* _EXTRACTED DATA_
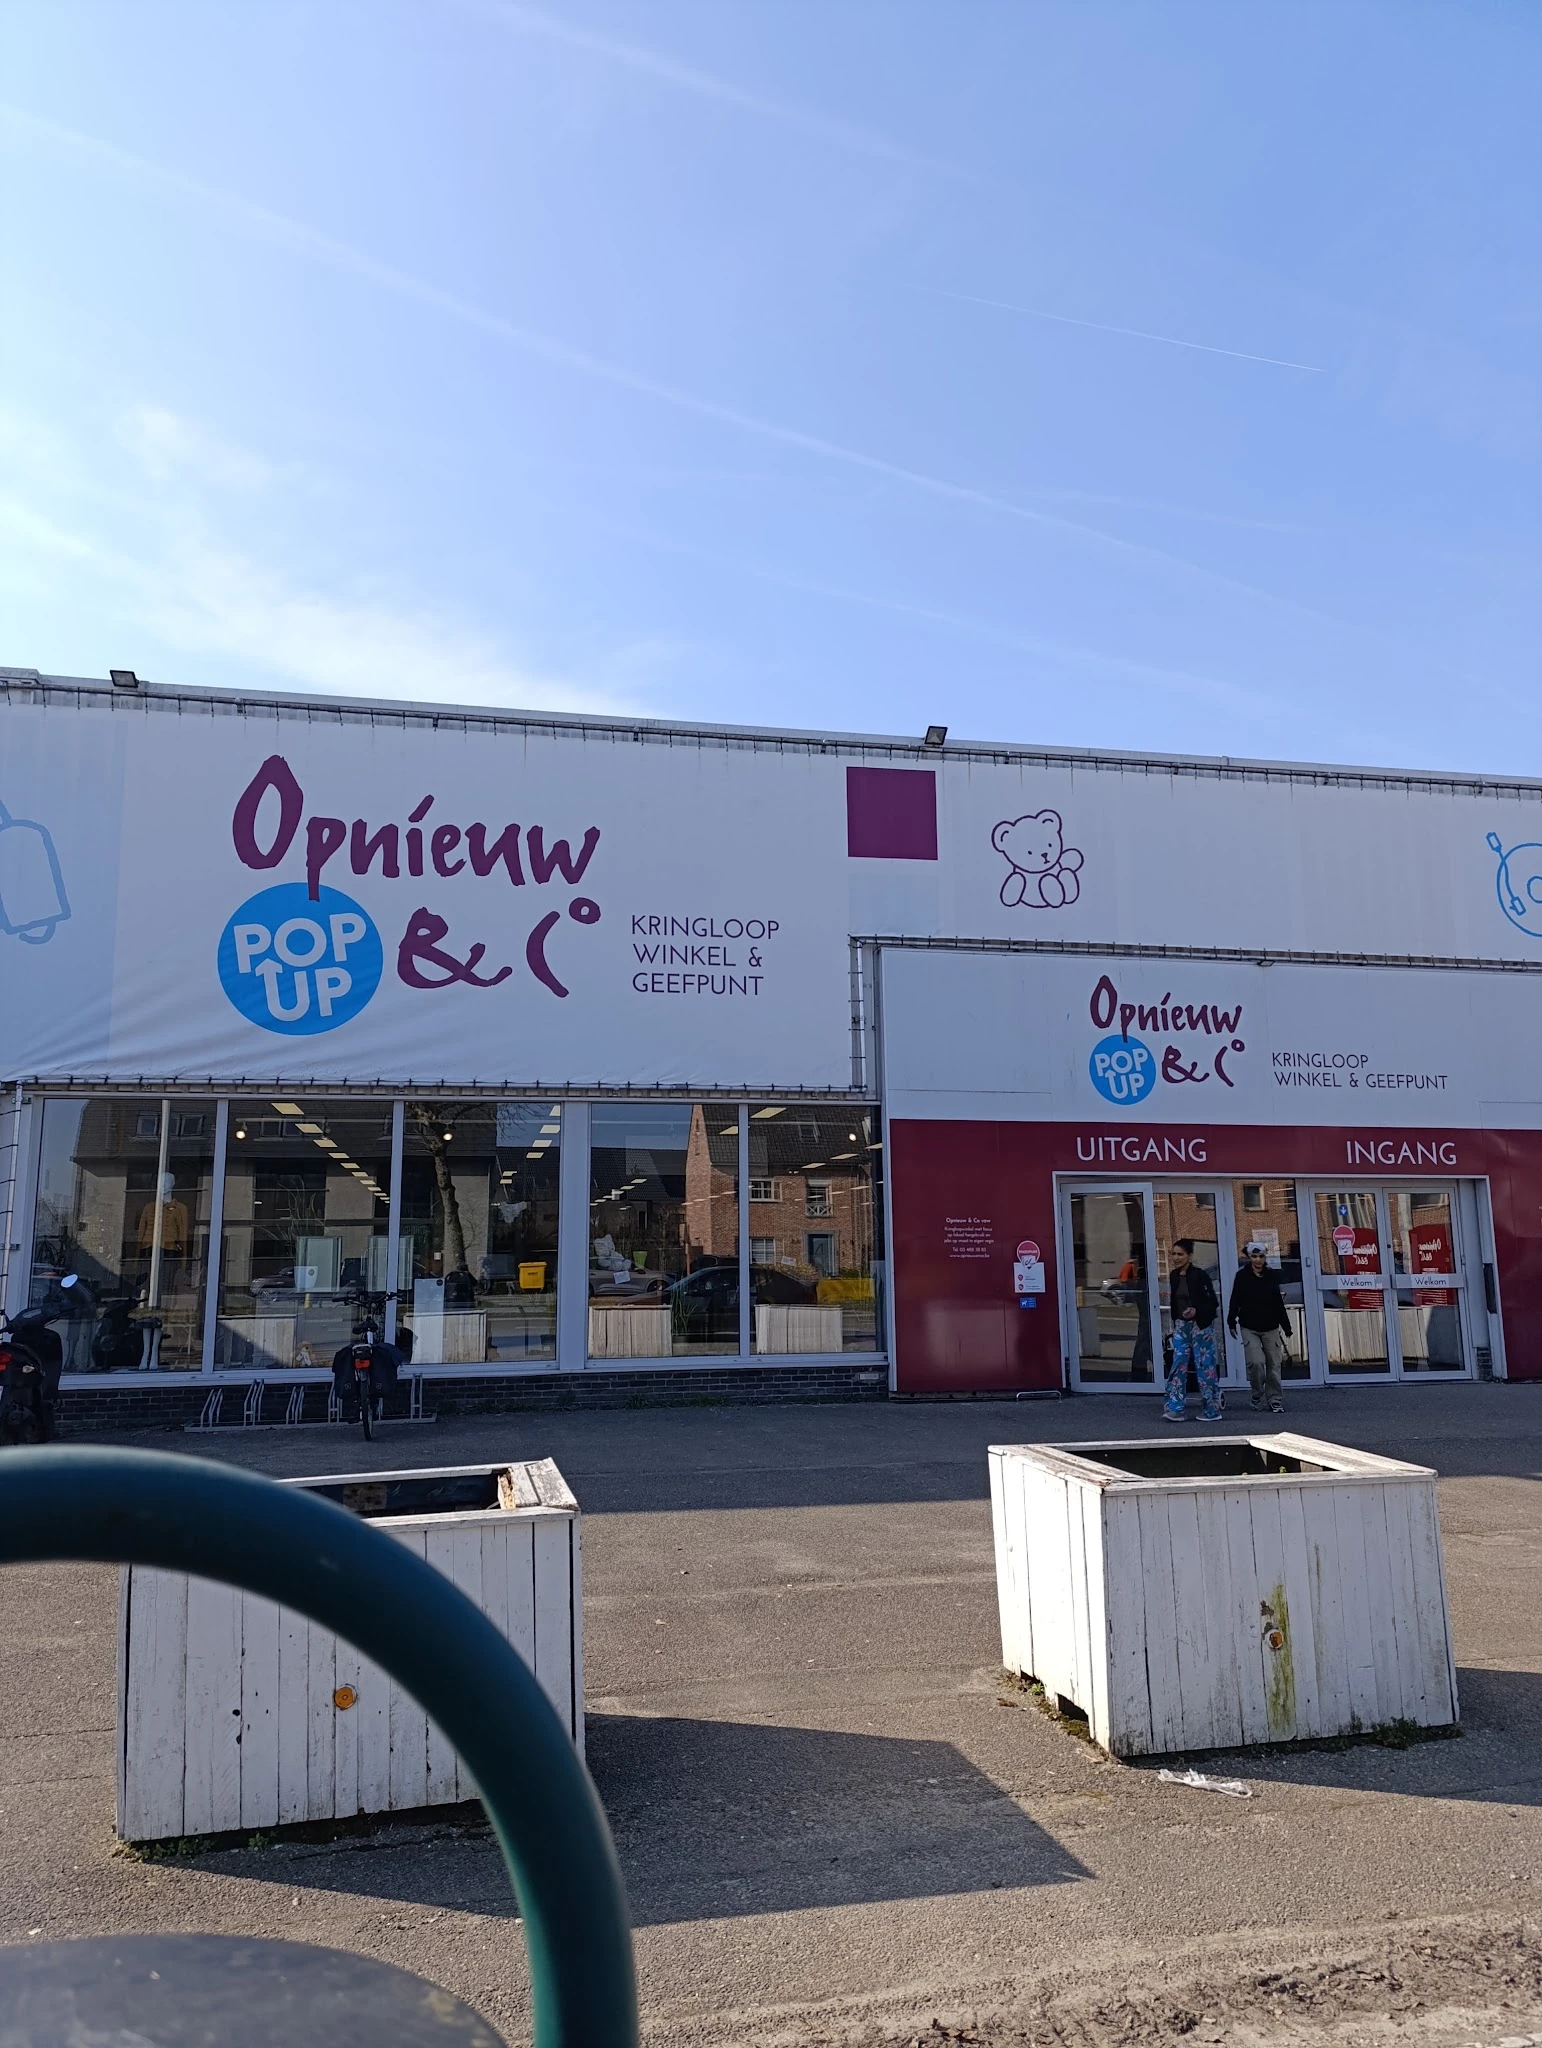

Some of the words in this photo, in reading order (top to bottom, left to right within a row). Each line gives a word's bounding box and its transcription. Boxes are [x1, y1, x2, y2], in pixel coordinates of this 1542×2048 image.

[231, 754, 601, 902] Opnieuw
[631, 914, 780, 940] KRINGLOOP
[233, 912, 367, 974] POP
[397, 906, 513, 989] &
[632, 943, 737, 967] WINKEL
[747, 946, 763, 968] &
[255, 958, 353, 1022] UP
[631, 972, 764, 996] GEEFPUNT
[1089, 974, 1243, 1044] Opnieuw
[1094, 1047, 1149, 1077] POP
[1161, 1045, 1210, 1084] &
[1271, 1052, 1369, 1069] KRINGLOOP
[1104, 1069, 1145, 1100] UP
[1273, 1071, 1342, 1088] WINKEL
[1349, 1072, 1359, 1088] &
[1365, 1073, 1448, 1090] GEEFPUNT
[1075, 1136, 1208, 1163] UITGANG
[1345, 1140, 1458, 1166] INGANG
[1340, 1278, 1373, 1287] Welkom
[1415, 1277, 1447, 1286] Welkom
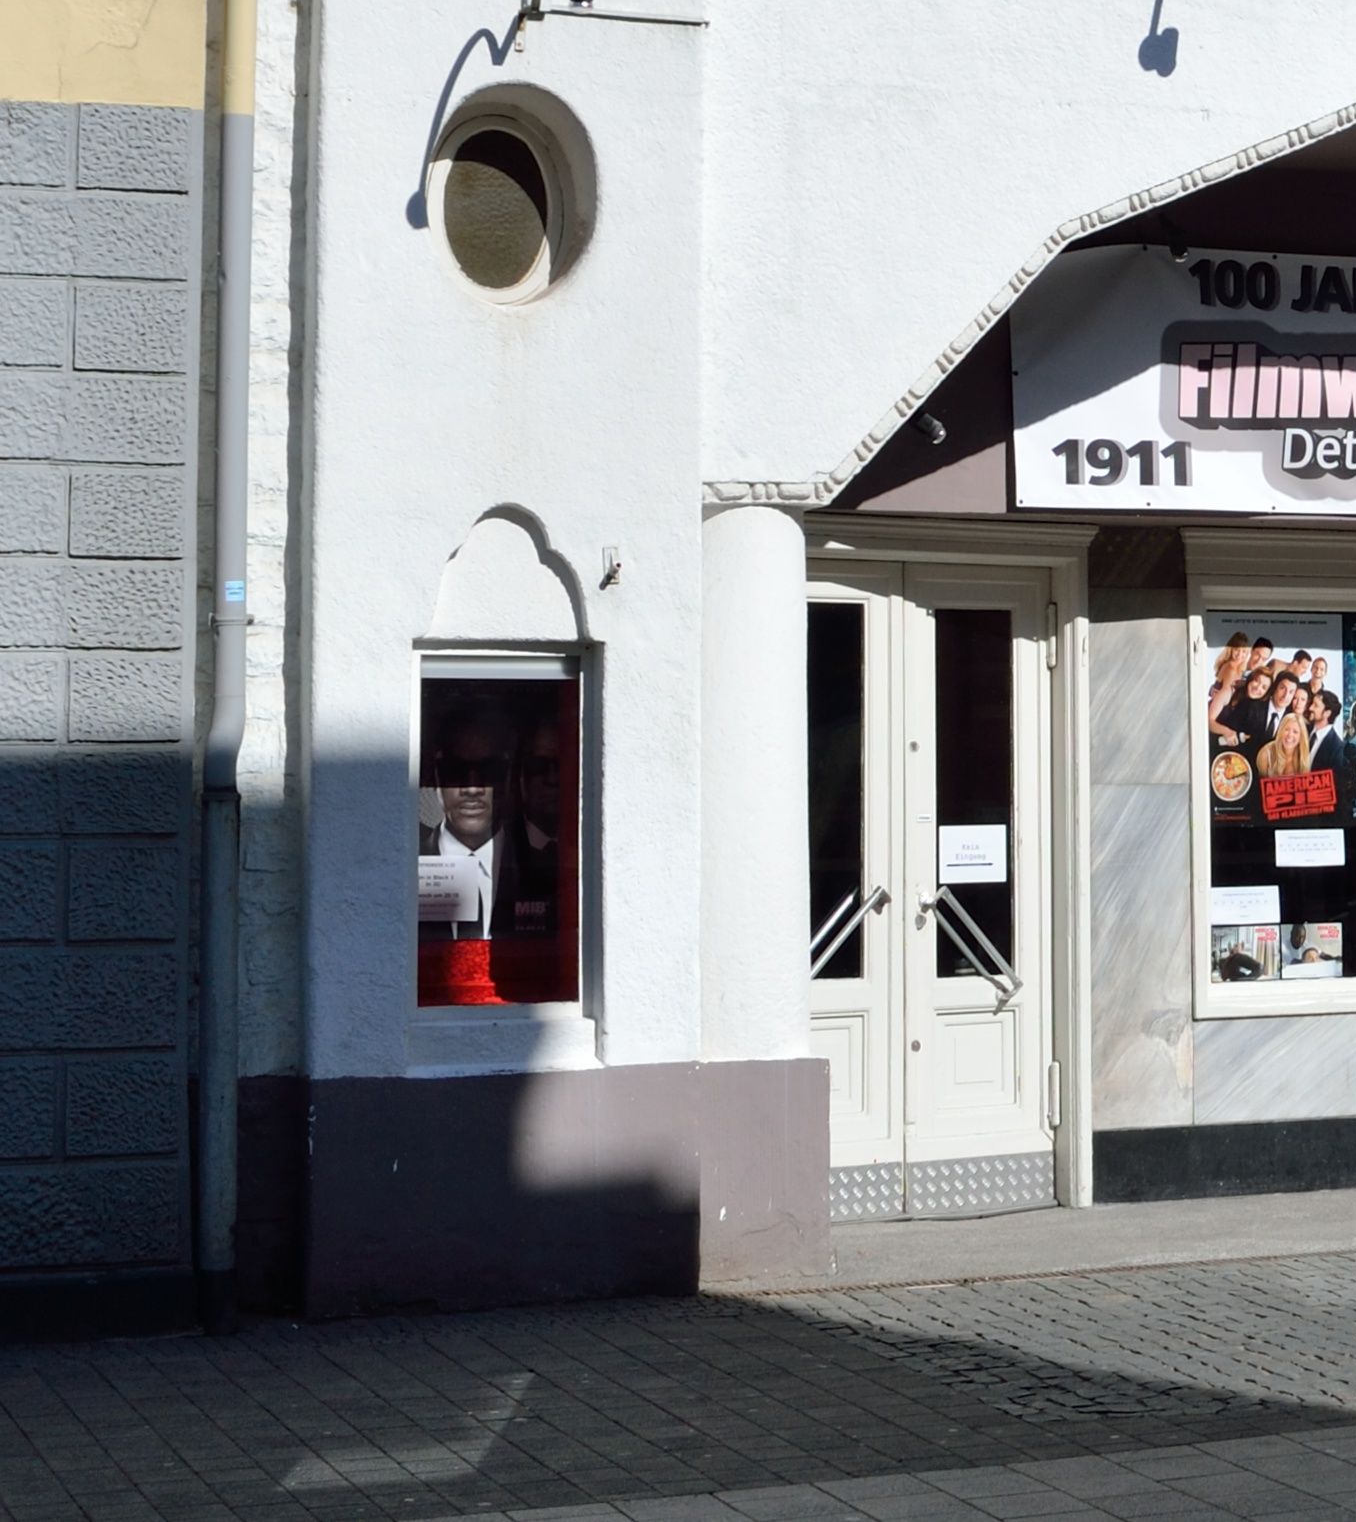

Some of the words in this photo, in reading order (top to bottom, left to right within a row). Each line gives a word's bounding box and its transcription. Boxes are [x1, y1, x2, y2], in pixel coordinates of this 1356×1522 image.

* _TASK_
In transcribing the records, omit the pictures and keep everything else exactly as it appears.

* _FINISHED TASK_
Some of the words in this photo, in reading order (top to bottom, left to right within a row). Each line gives a word's bounding box and its transcription. Boxes are [x1, y1, x2, y2], in pixel coordinates of this 1542×2048 image.

[231, 754, 601, 902] Opnieuw
[631, 914, 780, 940] KRINGLOOP
[233, 912, 367, 974] POP
[397, 906, 513, 989] &
[632, 943, 737, 967] WINKEL
[747, 946, 763, 968] &
[255, 958, 353, 1022] UP
[631, 972, 764, 996] GEEFPUNT
[1089, 974, 1243, 1044] Opnieuw
[1094, 1047, 1149, 1077] POP
[1161, 1045, 1210, 1084] &
[1271, 1052, 1369, 1069] KRINGLOOP
[1104, 1069, 1145, 1100] UP
[1273, 1071, 1342, 1088] WINKEL
[1349, 1072, 1359, 1088] &
[1365, 1073, 1448, 1090] GEEFPUNT
[1075, 1136, 1208, 1163] UITGANG
[1345, 1140, 1458, 1166] INGANG
[1340, 1278, 1373, 1287] Welkom
[1415, 1277, 1447, 1286] Welkom

Some of the words in this photo, in reading order (top to bottom, left to right within a row). Each line gives a word's bounding box and its transcription. Boxes are [x1, y1, x2, y2], in pixel coordinates of this 1356×1522 image.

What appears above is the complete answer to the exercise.